▶ _Task_
Omit the pictures and output every entry below exactly as written.
____
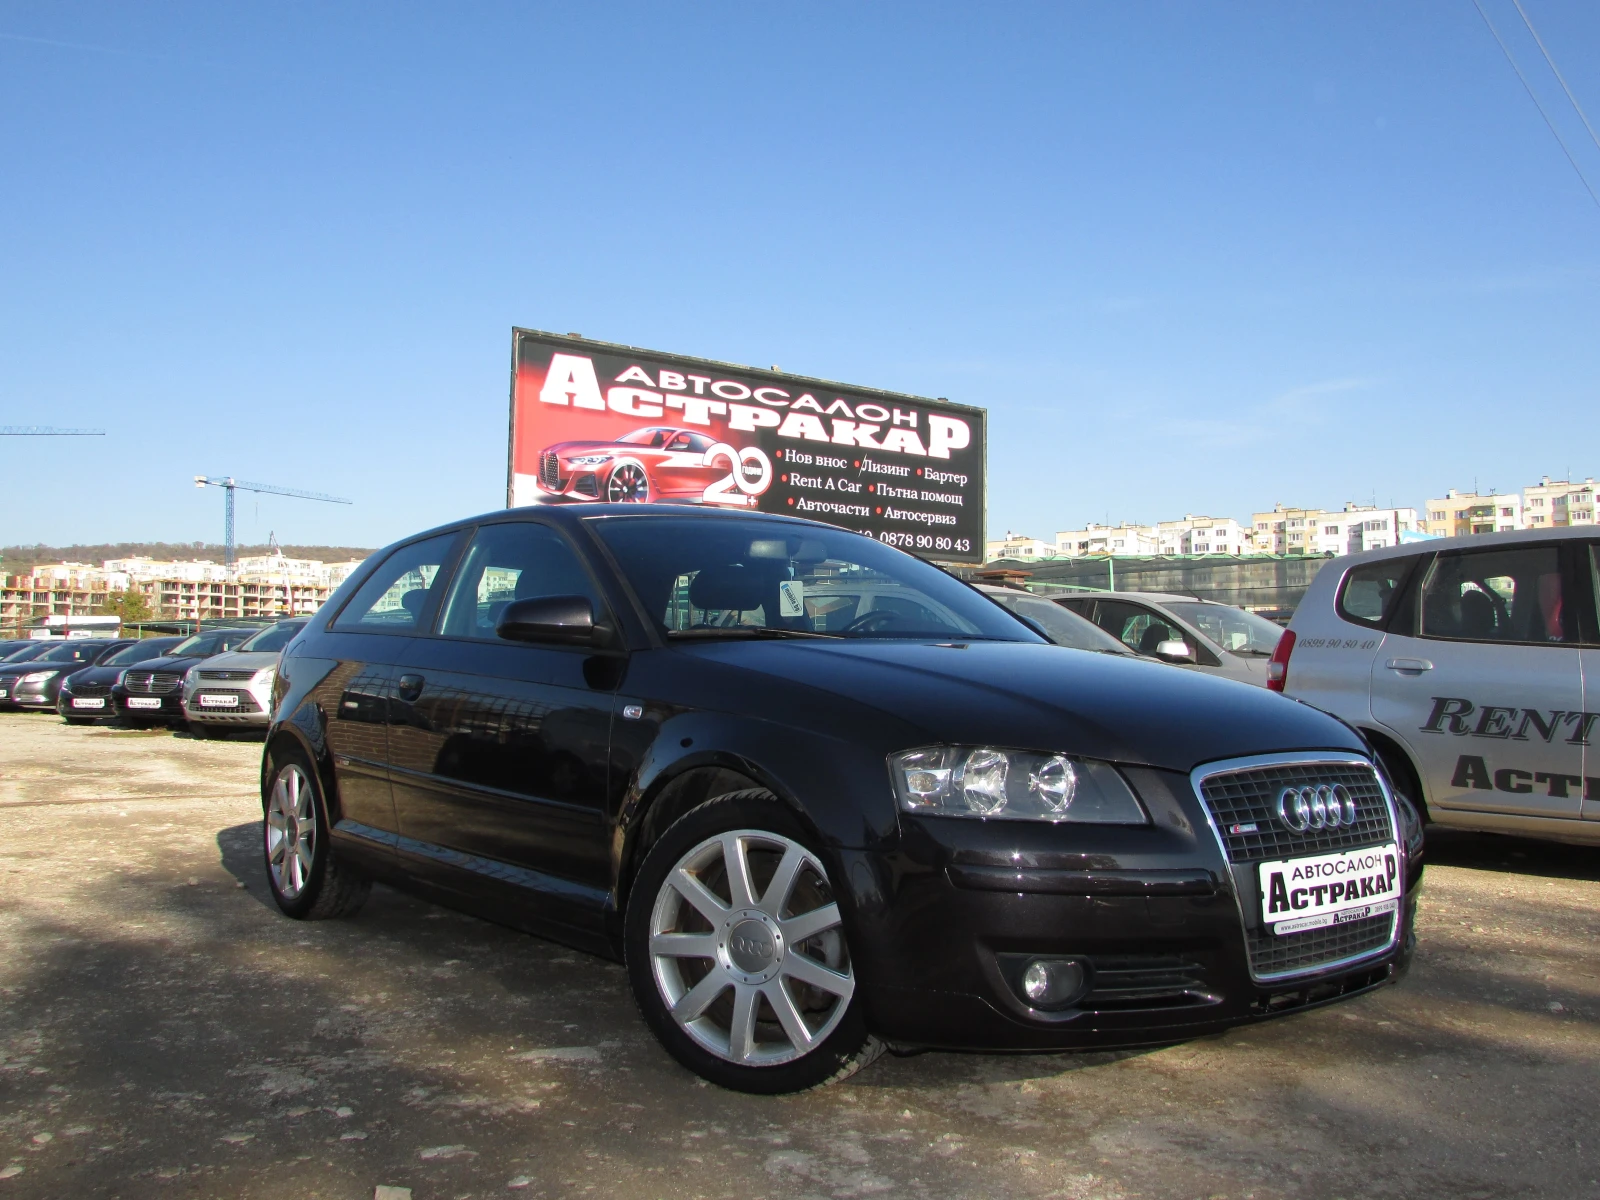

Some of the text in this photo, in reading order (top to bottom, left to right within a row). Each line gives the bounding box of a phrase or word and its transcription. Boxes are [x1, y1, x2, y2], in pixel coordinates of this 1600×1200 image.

[615, 366, 917, 428] АВТОСАЛОН
[784, 449, 848, 469] Нов внос
[861, 459, 910, 477] Лизинг
[790, 473, 862, 493] Rent A Car
[924, 467, 967, 487] Бартер
[876, 484, 963, 506] Пътна помощ
[796, 498, 870, 517] Авточасти
[884, 507, 956, 527] Автосервиз
[880, 531, 914, 547] 0878
[916, 535, 933, 548] 90
[935, 537, 951, 550] 80
[954, 539, 970, 552] 43
[1298, 638, 1375, 650] 0899 90 80 40
[1292, 854, 1382, 881] АВТОСАЛОН
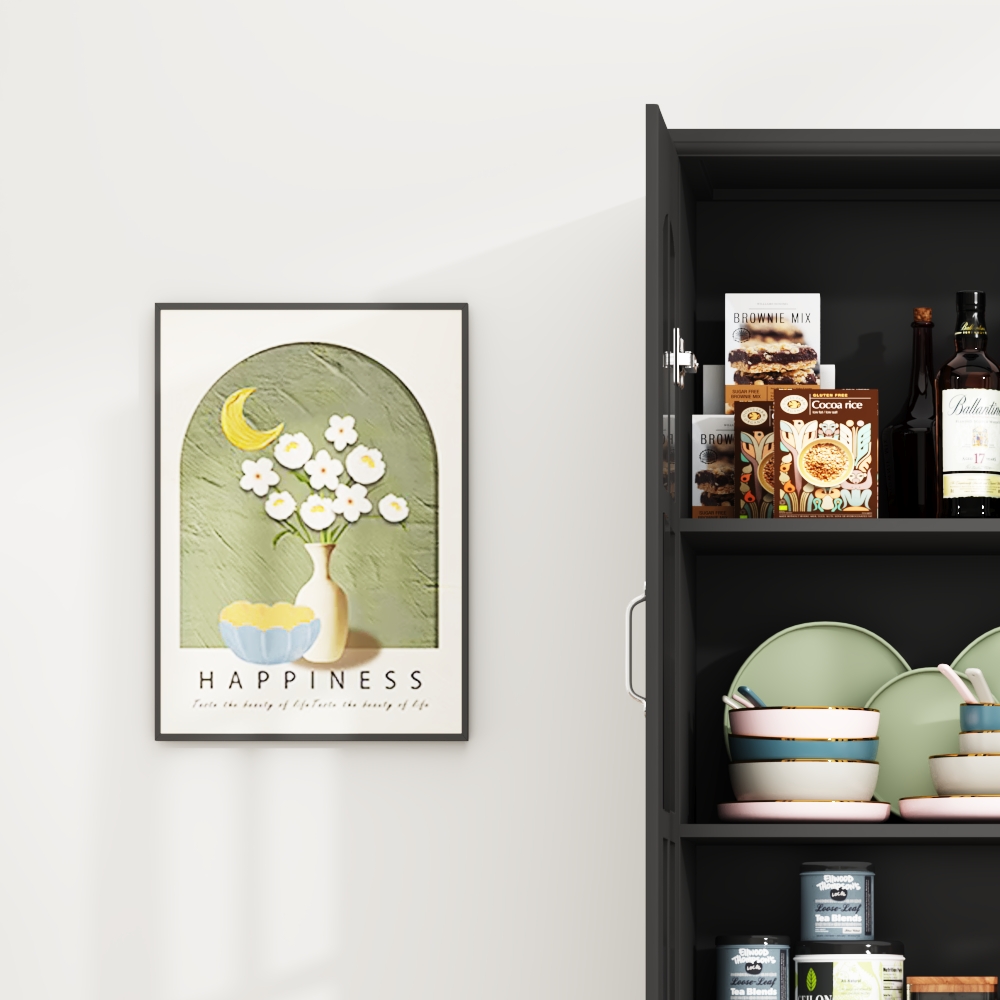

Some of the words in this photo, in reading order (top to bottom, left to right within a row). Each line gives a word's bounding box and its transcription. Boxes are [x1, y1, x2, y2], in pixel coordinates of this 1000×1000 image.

[733, 312, 785, 324] BROWNIE
[791, 312, 811, 324] MIX
[811, 399, 843, 410] Cocoa
[844, 399, 864, 410] rice
[974, 453, 985, 464] 17
[199, 670, 423, 690] HAPPINESS
[278, 700, 290, 711] of
[398, 700, 409, 711] of
[815, 903, 862, 914] Loose-Leaf
[815, 913, 830, 922] Tea
[831, 913, 862, 922] Blends
[730, 976, 777, 987] Loose-Leaf
[730, 987, 745, 996] Tea
[746, 987, 777, 996] Blends
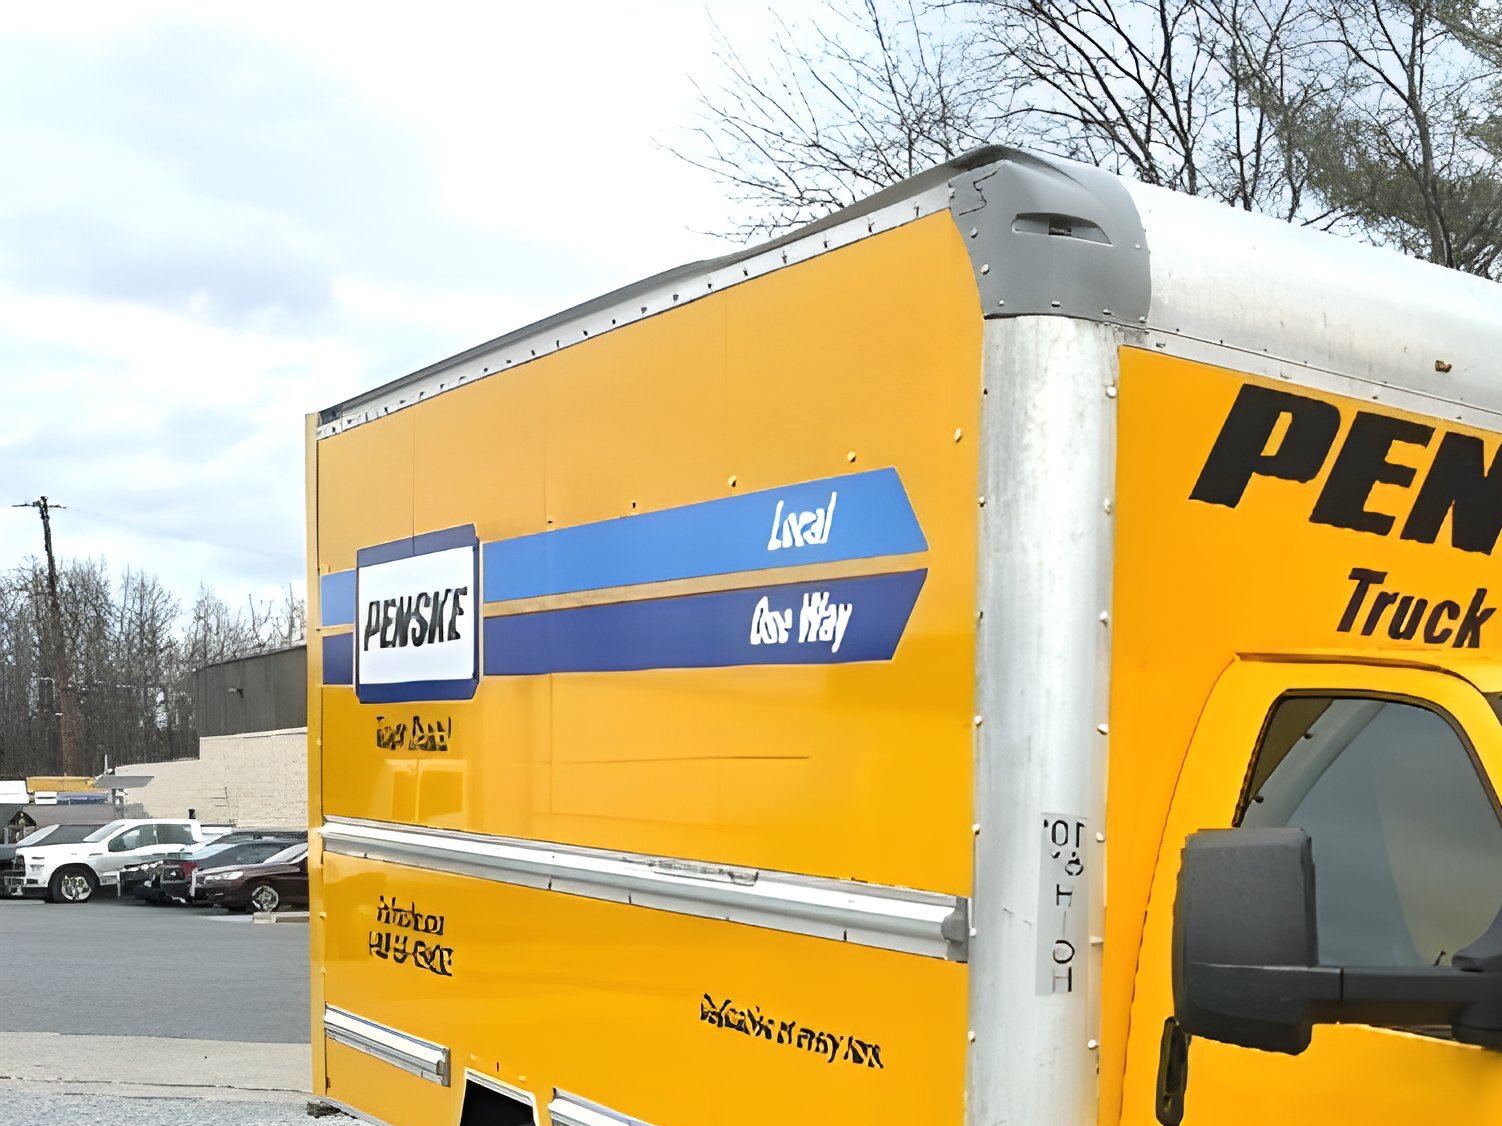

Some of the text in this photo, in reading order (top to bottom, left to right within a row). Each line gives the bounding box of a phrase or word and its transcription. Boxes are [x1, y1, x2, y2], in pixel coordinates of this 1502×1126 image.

[364, 586, 468, 652] PENSKE
[798, 592, 853, 653] Way
[1336, 567, 1498, 649] Truck
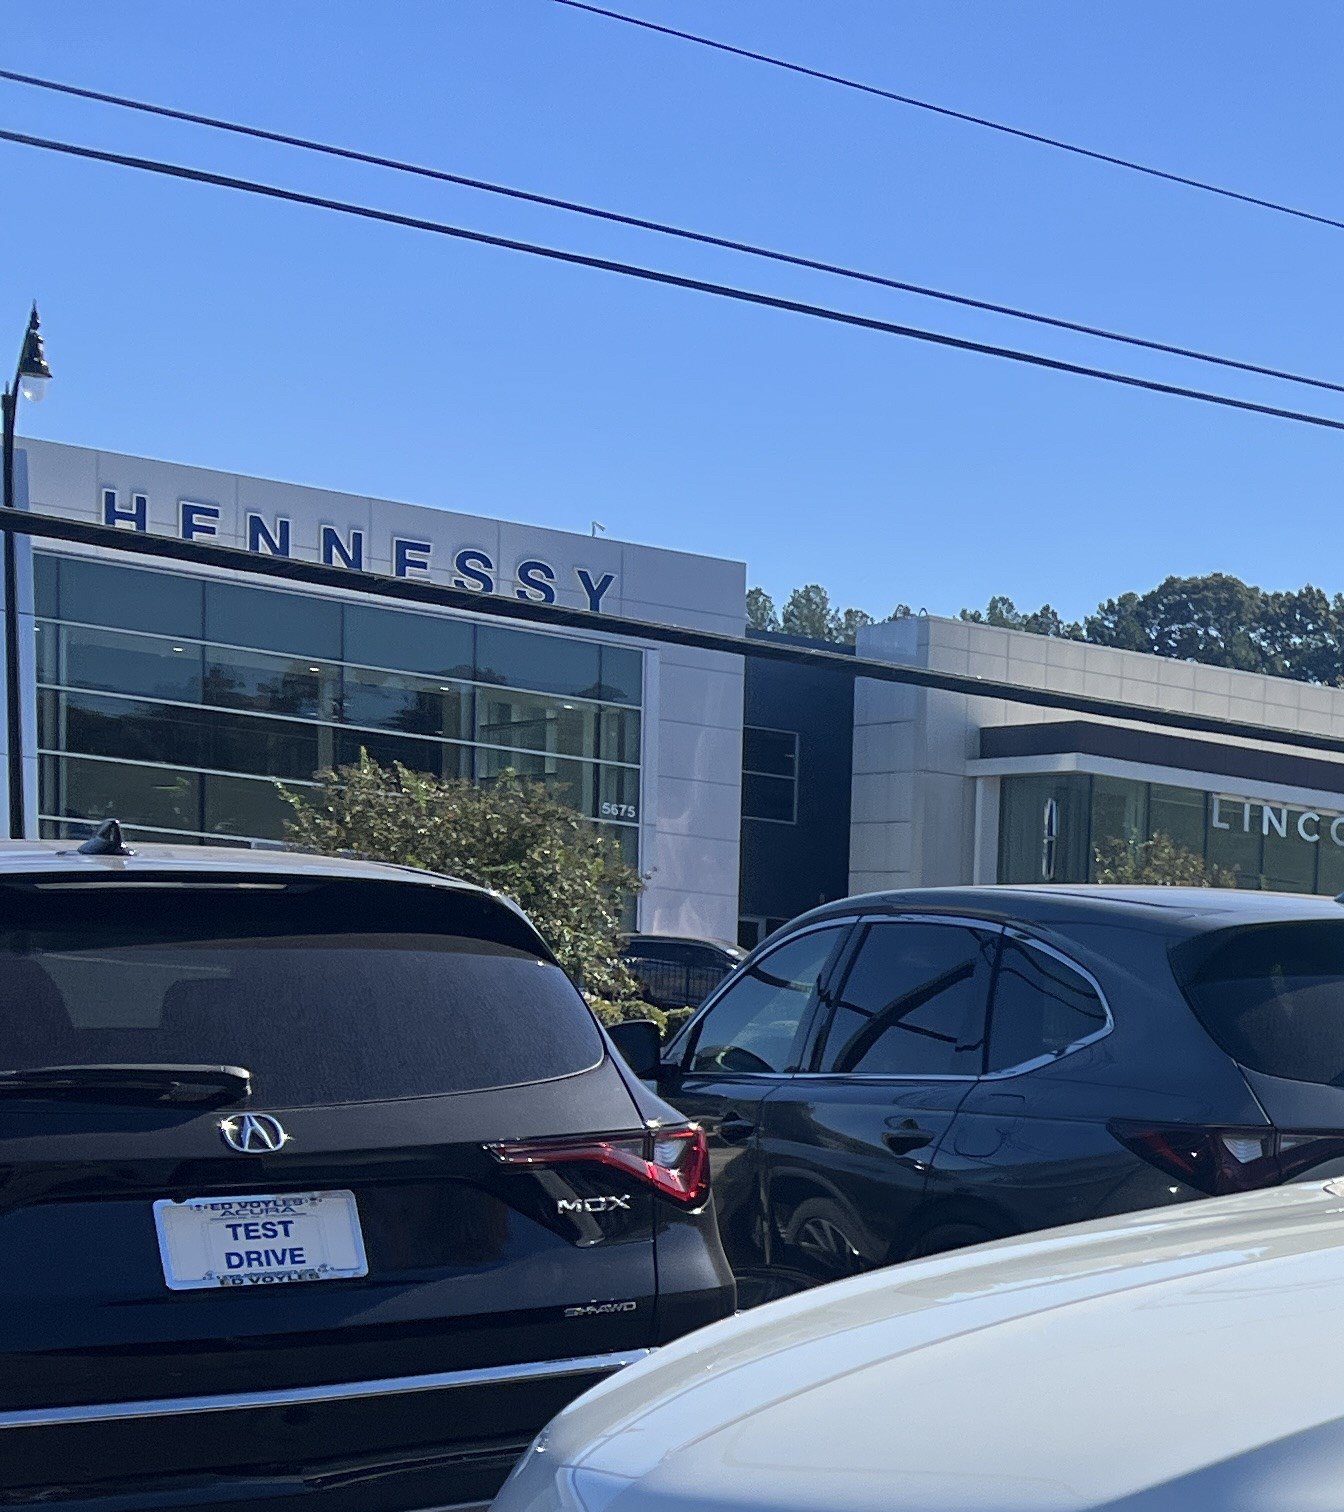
____
▶ _Solution_
Some of the text in this photo, in reading order (top to bottom, left to right within a row). Each line gives the bounding box of a phrase or word and its transcription. Boxes are [x1, y1, x2, y2], in pixel coordinates of this 1600×1200 image.

[615, 366, 917, 428] АВТОСАЛОН
[784, 449, 848, 469] Нов внос
[861, 459, 910, 477] Лизинг
[790, 473, 862, 493] Rent A Car
[924, 467, 967, 487] Бартер
[876, 484, 963, 506] Пътна помощ
[796, 498, 870, 517] Авточасти
[884, 507, 956, 527] Автосервиз
[880, 531, 914, 547] 0878
[916, 535, 933, 548] 90
[935, 537, 951, 550] 80
[954, 539, 970, 552] 43
[1298, 638, 1375, 650] 0899 90 80 40
[1292, 854, 1382, 881] АВТОСАЛОН

Some of the words in this photo, in reading order (top to bottom, left to right within a row). Each line gives a word's bounding box and its transcription. Boxes are [x1, y1, x2, y2], in pixel coordinates of this 1000×1000 image.

[733, 312, 785, 324] BROWNIE
[791, 312, 811, 324] MIX
[811, 399, 843, 410] Cocoa
[844, 399, 864, 410] rice
[974, 453, 985, 464] 17
[199, 670, 423, 690] HAPPINESS
[278, 700, 290, 711] of
[398, 700, 409, 711] of
[815, 903, 862, 914] Loose-Leaf
[815, 913, 830, 922] Tea
[831, 913, 862, 922] Blends
[730, 976, 777, 987] Loose-Leaf
[730, 987, 745, 996] Tea
[746, 987, 777, 996] Blends

Some of the text in this photo, in reading order (top to bottom, left to right within a row). Each line gives the bounding box of a phrase or word and its transcription. Boxes are [x1, y1, x2, y2], in pixel coordinates of this 1502×1126 image.

[364, 586, 468, 652] PENSKE
[798, 592, 853, 653] Way
[1336, 567, 1498, 649] Truck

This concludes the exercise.